Gold is financial insurance and a form of wealth preservation in times of crisis as of now. Physical gold is a tangible asset with inherent value that no counterparty risk, and that is scarce and difficult to mine. Remember that gold has been money for thousands of years as everyone in Vietnam instinctively knows. Gold acts as a store of value, an inflation hedge and a safe haven. The gold market is deep and liquid and you can buy and sell gold anytime around the world, as it’s a universally recognized asset. Gold is also a portfolio diversifier as its price is not very correlated with the prices of other financial asset.

When could the gold prices drop?

While the gold price could go through some short-term corrections, the breakout to new all-time highs looks to be indicating that the price will go a lot higher. Throw into the mix the possibility that gold will become the anchor of a new international monetary system and the prize reserve asset on central bank balance sheets, and the magnets pulling the gold price higher would appear to be far stronger than those trying to pull the gold price lower.

Compared with the shock of gold prices in 2011, the current strong rise in gold prices is not dominated by fear. Instead, the support of the gold price is stronger and more sustainable.

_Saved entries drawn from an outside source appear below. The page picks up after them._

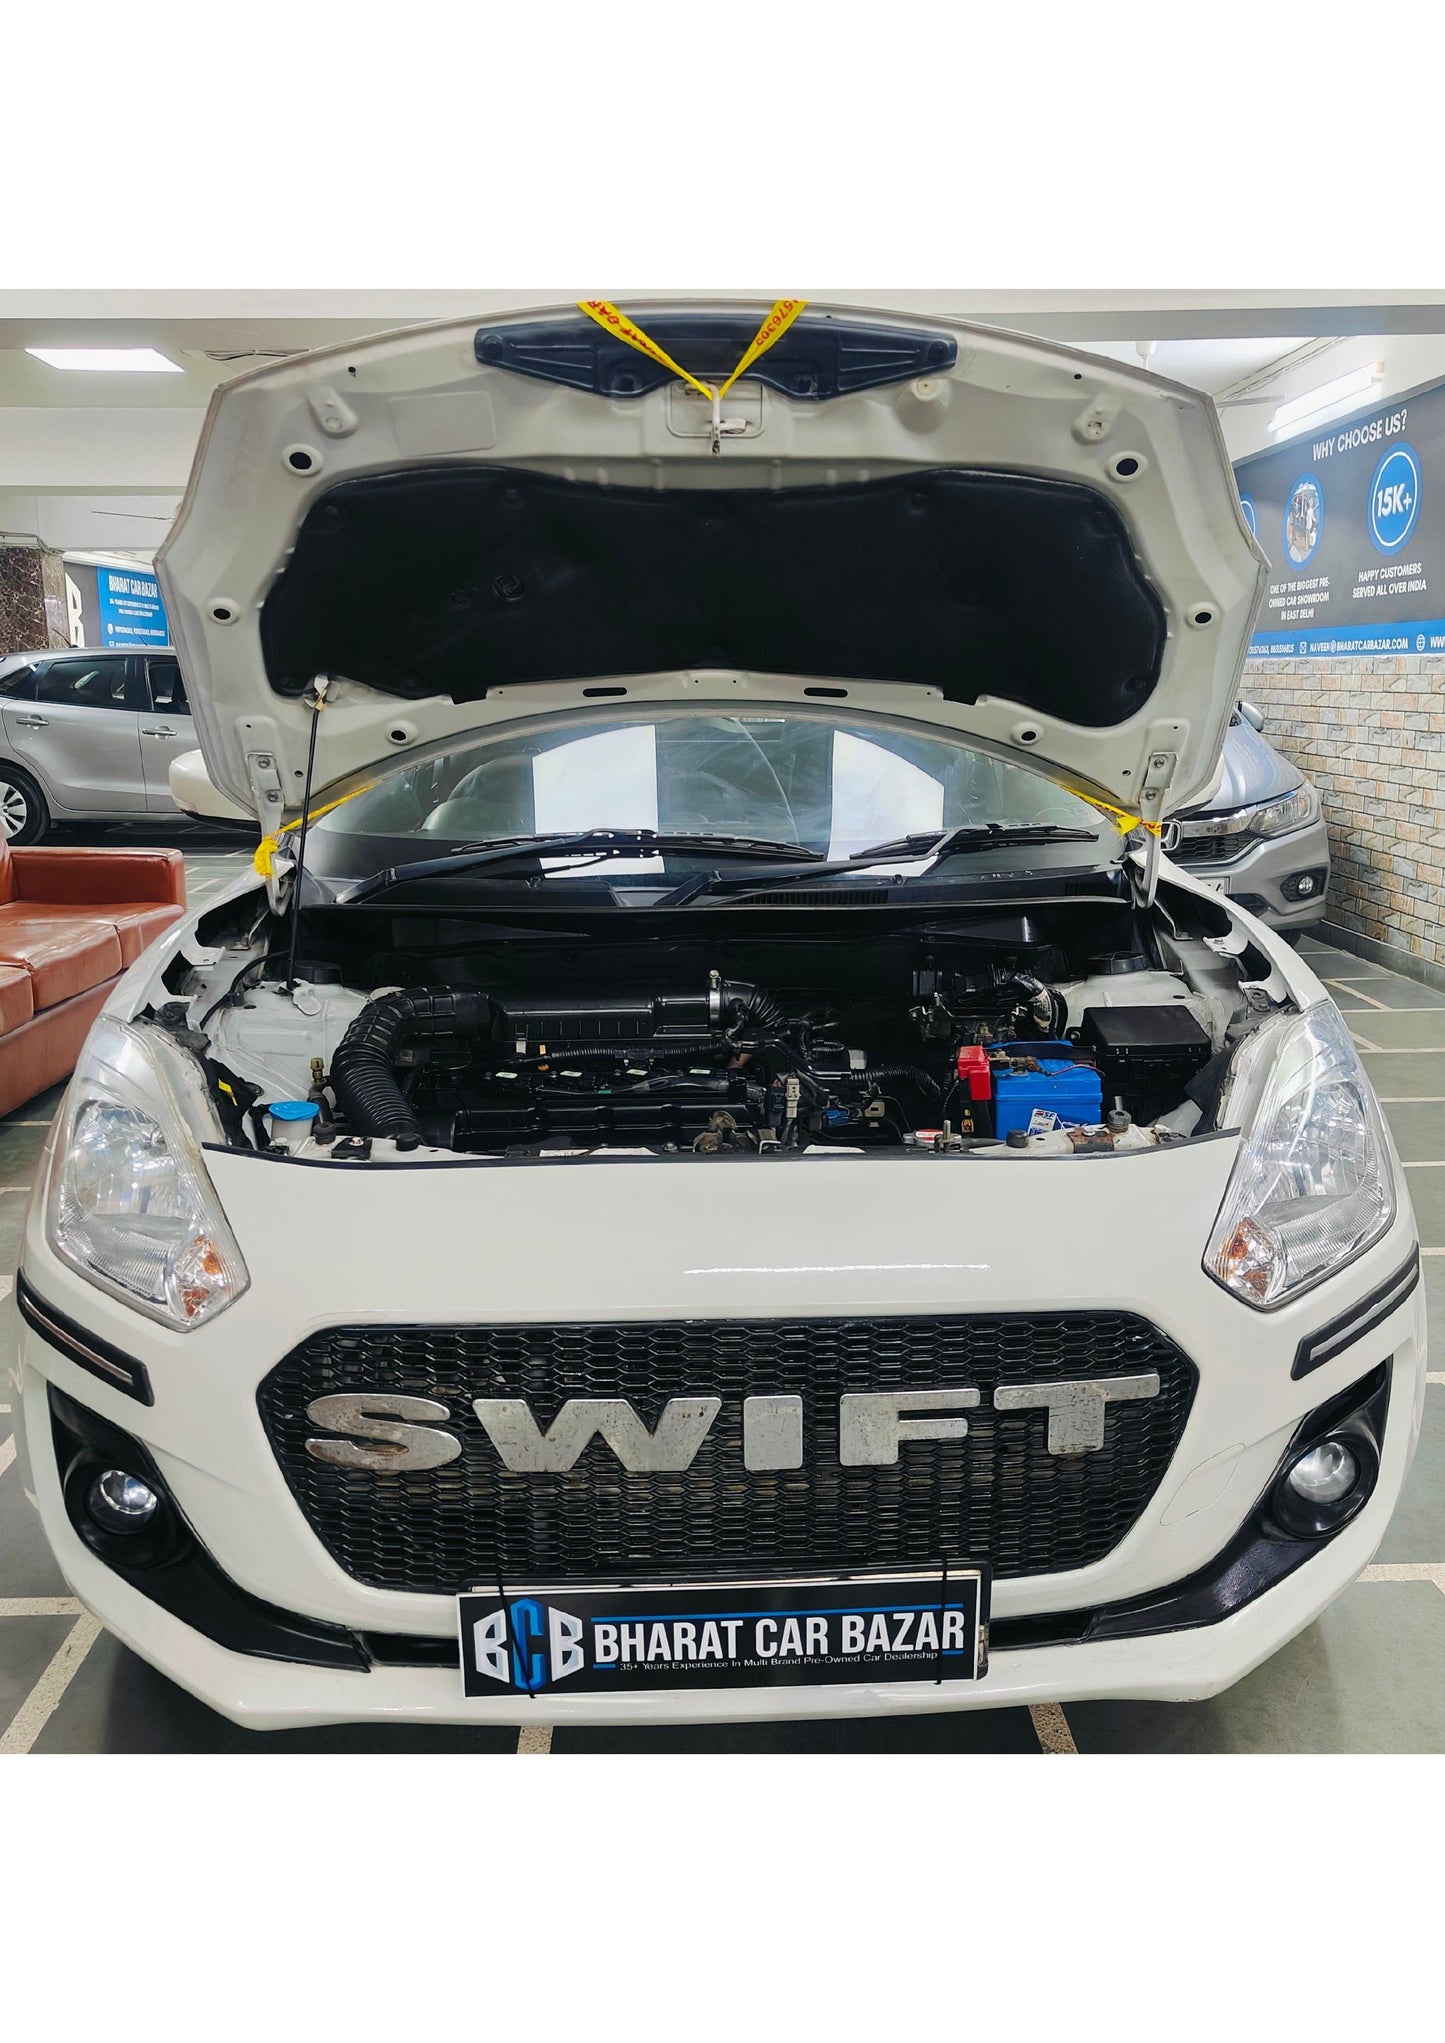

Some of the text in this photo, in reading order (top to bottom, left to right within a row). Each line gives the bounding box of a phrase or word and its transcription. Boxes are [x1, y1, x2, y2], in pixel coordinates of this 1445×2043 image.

[1313, 409, 1408, 461] WHY CHOOSE US?
[1377, 483, 1413, 518] 15K+
[1358, 562, 1422, 582] HAPPY CUSTOMERS
[109, 575, 158, 598] BHARAT CAR BAZAR
[1270, 577, 1330, 594] ONE OF THE BIGGEST PRE-
[1352, 578, 1427, 599] SERVED ALL OVER INDIA
[1269, 592, 1330, 608] OWNED CAR SHOWROOM
[1281, 608, 1315, 620] IN EAST DELHI
[1430, 635, 1445, 648] WW
[305, 1373, 1161, 1472] SWIFT
[473, 1598, 585, 1691] BCB
[593, 1610, 965, 1663] BHARAT CAR BAZAR
[620, 1651, 938, 1671] 35+ Years Experience In Multi Brand Pre-Owned Car Dealership

Zing News article about the gold price, 31 July 2020

Conclusion

Since the 26 July when the above was written, the US dollar gold price first rose by $150 from $1920 to a high of $2070 on 6 August, followed by a correction which intensified on 11 August bringing the price back down to the $1920 region.

What took nearly 2 weeks to go up, has now unwound in a matter of 2-3 days. But sometimes this is the nature of corrections, quick and extreme.

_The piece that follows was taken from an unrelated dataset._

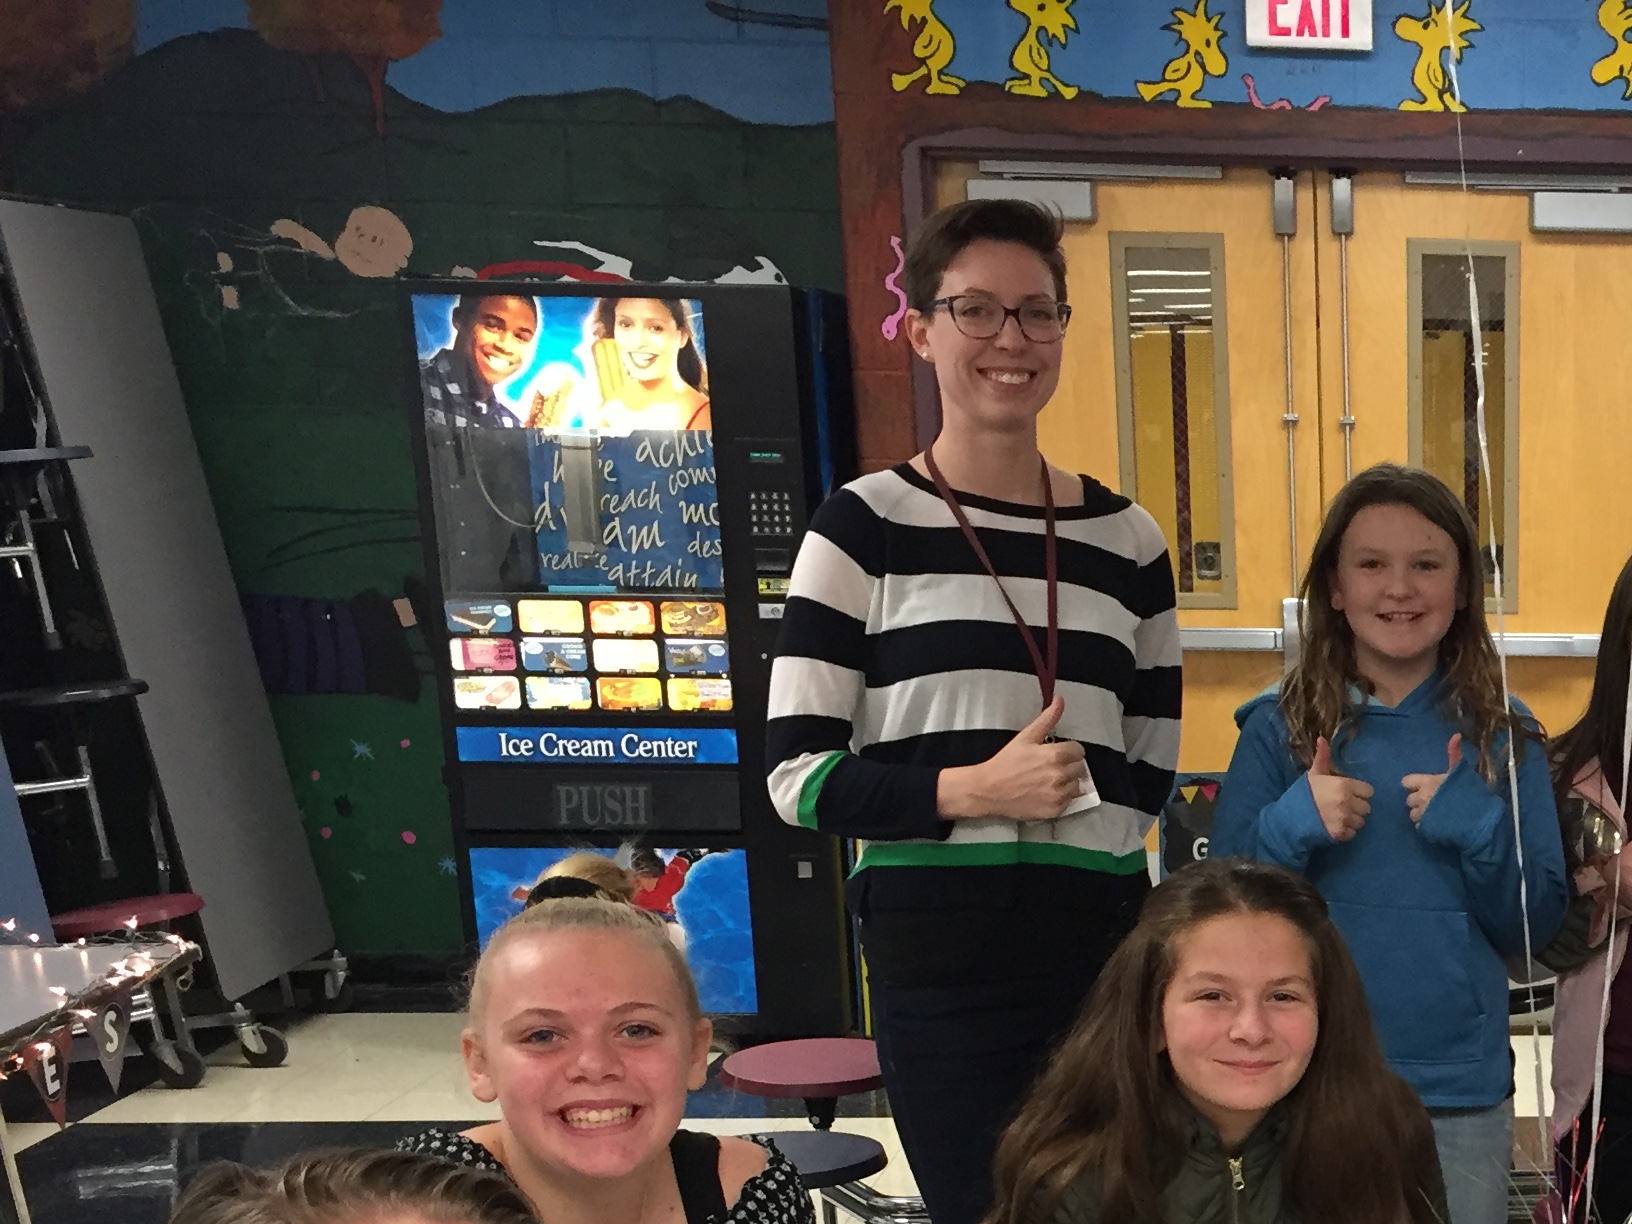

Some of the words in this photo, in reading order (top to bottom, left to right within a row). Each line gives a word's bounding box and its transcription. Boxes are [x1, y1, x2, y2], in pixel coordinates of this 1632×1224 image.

Corrections are healthy and form stronger support. Markets never continually move in one direction. By 6 August gold had been up fourteen sessions out of fifteen. It was due for some down days. With the gold price determined in the COMEX trade matching servers of the CME and the OTC servers of the LBMA banks and brokers in London, most people by now are accustomed to waterfall cascades in the spot gold price, because as we mention often here, the spot “gold price” is a screen gold feed of interbank synthetic and derivatives trades.

Everything written above for the Zing News articles is still relevant. The reasons the gold price is on a rising trajectory are still the same. Confidence in paper assets (including paper gold products) is falling. Indeed, with the gold price back at the price range where it was just over 2 weeks ago, you could say its déjà vu all over again. The only difference this time around is that we have seen the volatile swings what the gold price is capable of, both on the up and downside, as new support and resistance is mapped out. Increasingly, $100 moves will become commonplace as the gold price goes higher. This is something that James Sinclair predicted at least 13 years ago.